(Saved entries)

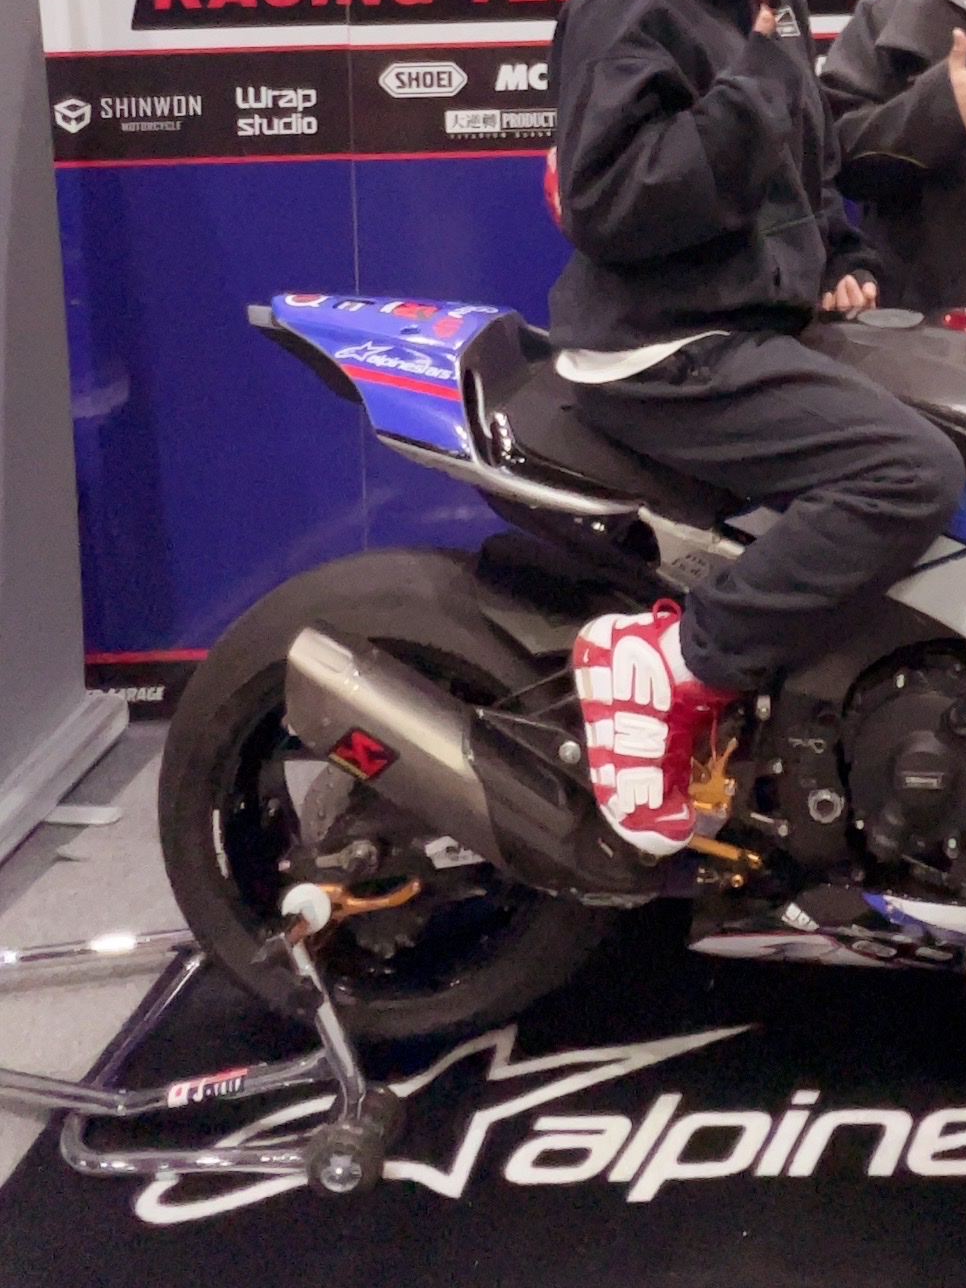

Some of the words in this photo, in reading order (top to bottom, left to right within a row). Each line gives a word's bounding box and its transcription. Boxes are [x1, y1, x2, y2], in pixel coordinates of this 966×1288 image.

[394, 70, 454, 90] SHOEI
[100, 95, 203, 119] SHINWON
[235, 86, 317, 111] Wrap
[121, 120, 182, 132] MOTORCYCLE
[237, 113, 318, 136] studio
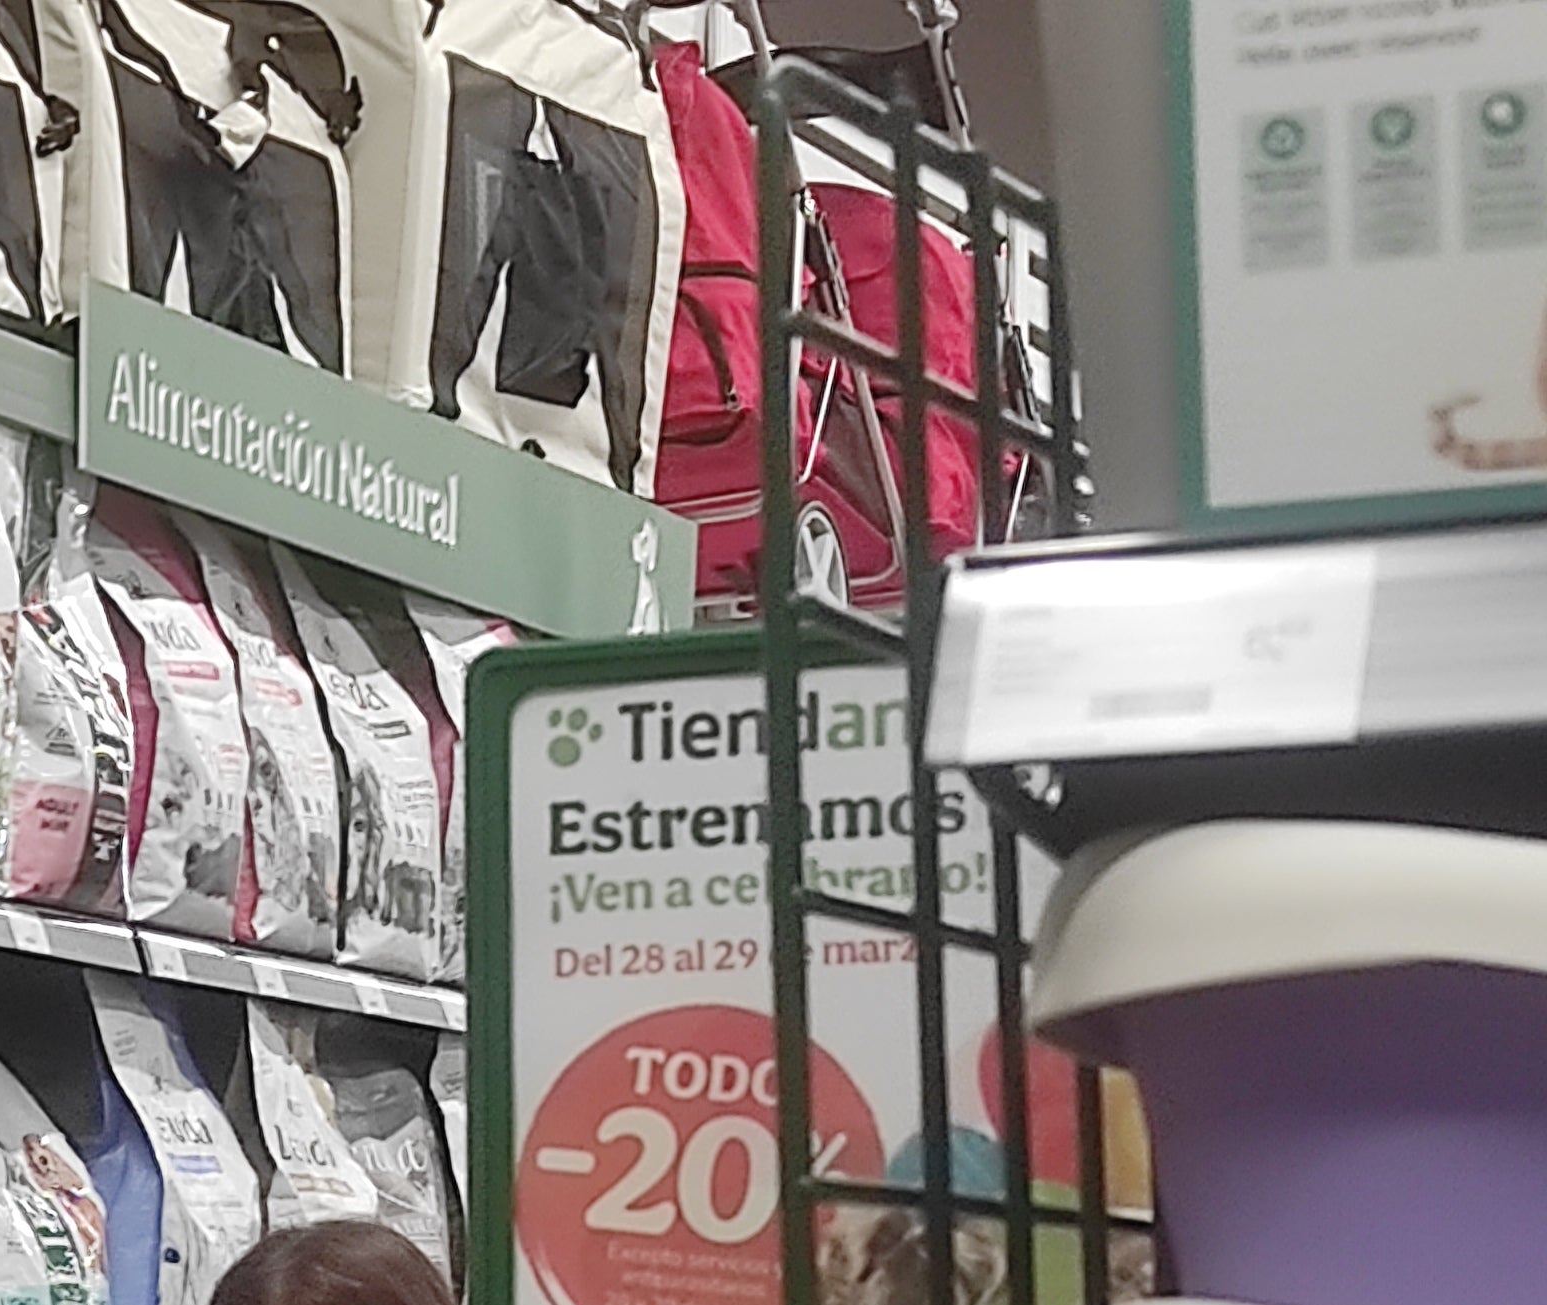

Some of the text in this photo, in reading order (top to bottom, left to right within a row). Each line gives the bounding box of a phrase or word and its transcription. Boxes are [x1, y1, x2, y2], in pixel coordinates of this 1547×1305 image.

Directions for this task:
Extract all the entries word for word; omit any pictures.

Reply:
Some of the words in this photo, in reading order (top to bottom, left to right within a row). Each line gives a word's bounding box and its transcription. Boxes are [x1, y1, x2, y2], in pixel coordinates of this 966×1288 image.

[394, 70, 454, 90] SHOEI
[100, 95, 203, 119] SHINWON
[235, 86, 317, 111] Wrap
[121, 120, 182, 132] MOTORCYCLE
[237, 113, 318, 136] studio

Some of the text in this photo, in reading order (top to bottom, left to right within a row). Each line gives the bounding box of a phrase or word and its transcription. Boxes are [x1, y1, x2, y2], in pixel coordinates of this 1547×1305 image.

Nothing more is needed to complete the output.